→ Description of the task
From the line with "this 1280×960 image." through the line with "this 2000×1380 image.", inclusive, return each line of the data below exactly and leave the rest out.

→ Supplied entries
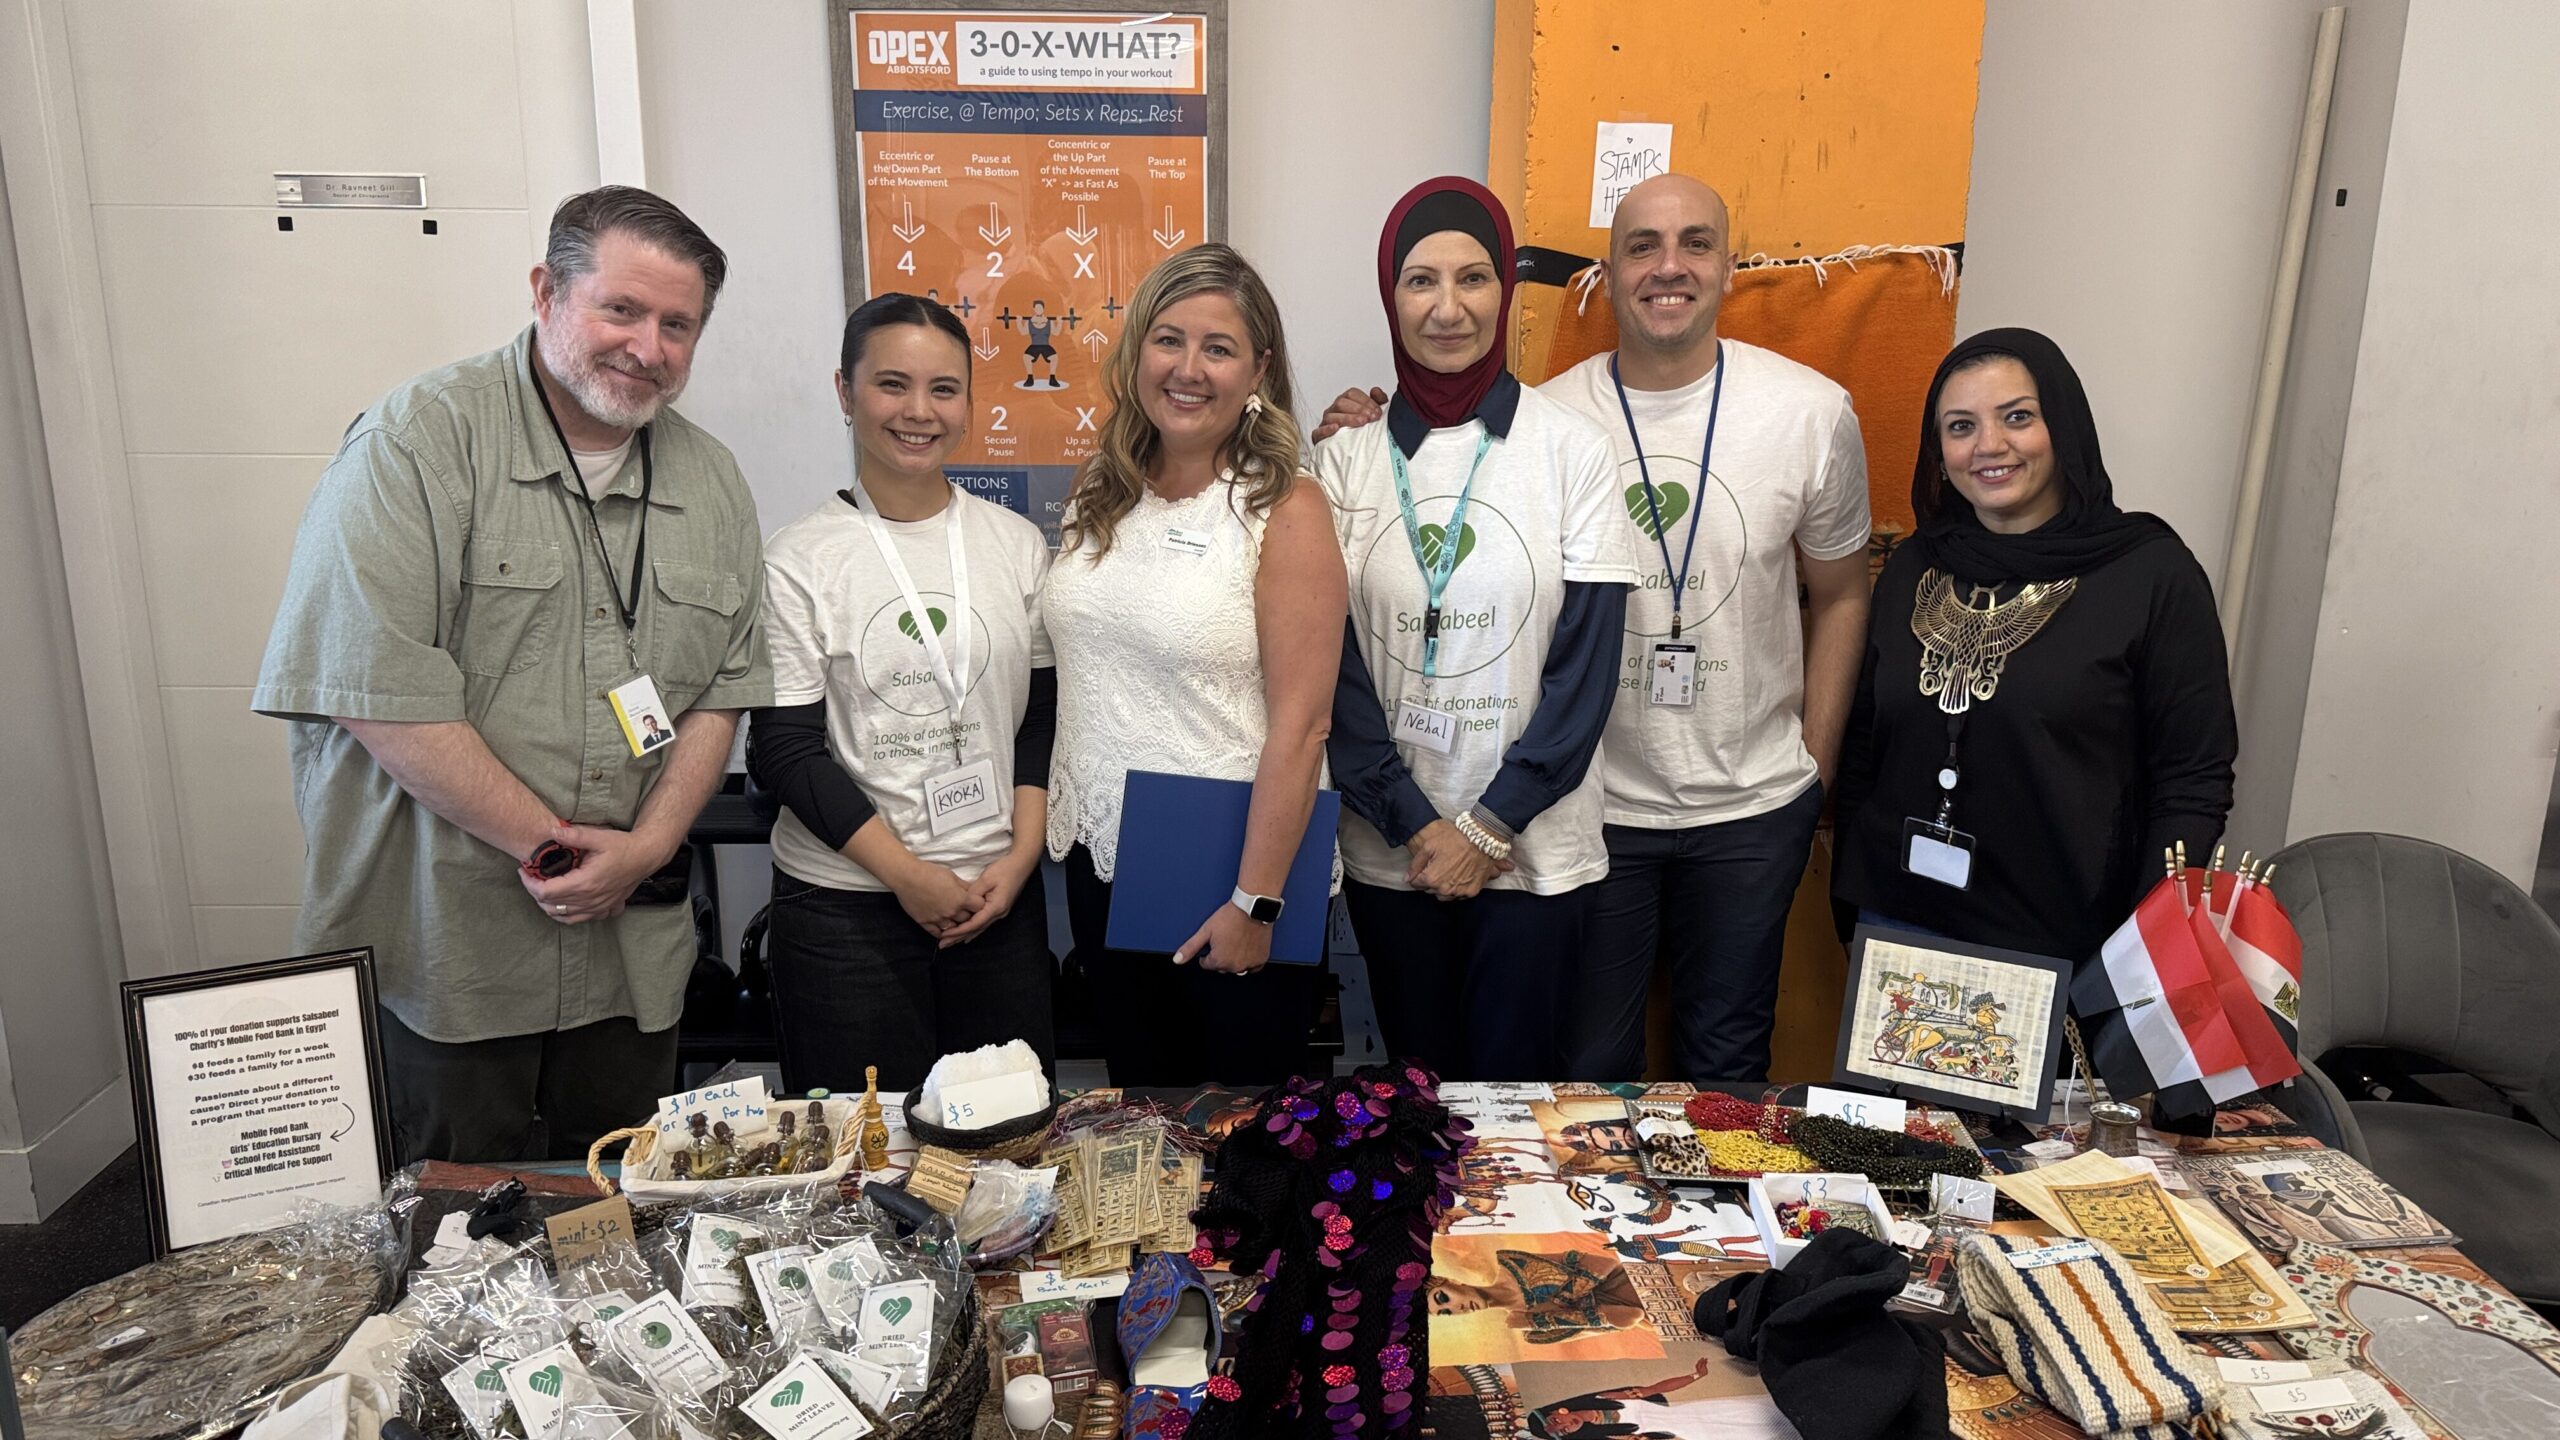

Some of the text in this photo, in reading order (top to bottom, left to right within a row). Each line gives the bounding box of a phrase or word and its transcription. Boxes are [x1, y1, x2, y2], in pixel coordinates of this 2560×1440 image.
* * *
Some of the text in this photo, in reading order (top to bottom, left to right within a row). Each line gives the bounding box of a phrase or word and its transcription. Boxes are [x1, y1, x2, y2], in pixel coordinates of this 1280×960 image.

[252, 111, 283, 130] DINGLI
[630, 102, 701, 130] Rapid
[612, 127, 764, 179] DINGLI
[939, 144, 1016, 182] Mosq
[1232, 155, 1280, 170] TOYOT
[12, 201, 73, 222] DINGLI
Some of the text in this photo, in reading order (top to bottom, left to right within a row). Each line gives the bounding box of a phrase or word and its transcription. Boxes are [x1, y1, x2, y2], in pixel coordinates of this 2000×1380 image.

→ Result
Some of the text in this photo, in reading order (top to bottom, left to right within a row). Each line gives the bounding box of a phrase or word and its transcription. Boxes are [x1, y1, x2, y2], in pixel coordinates of this 1280×960 image.

[252, 111, 283, 130] DINGLI
[630, 102, 701, 130] Rapid
[612, 127, 764, 179] DINGLI
[939, 144, 1016, 182] Mosq
[1232, 155, 1280, 170] TOYOT
[12, 201, 73, 222] DINGLI
Some of the text in this photo, in reading order (top to bottom, left to right within a row). Each line gives the bounding box of a phrase or word and its transcription. Boxes are [x1, y1, x2, y2], in pixel coordinates of this 2000×1380 image.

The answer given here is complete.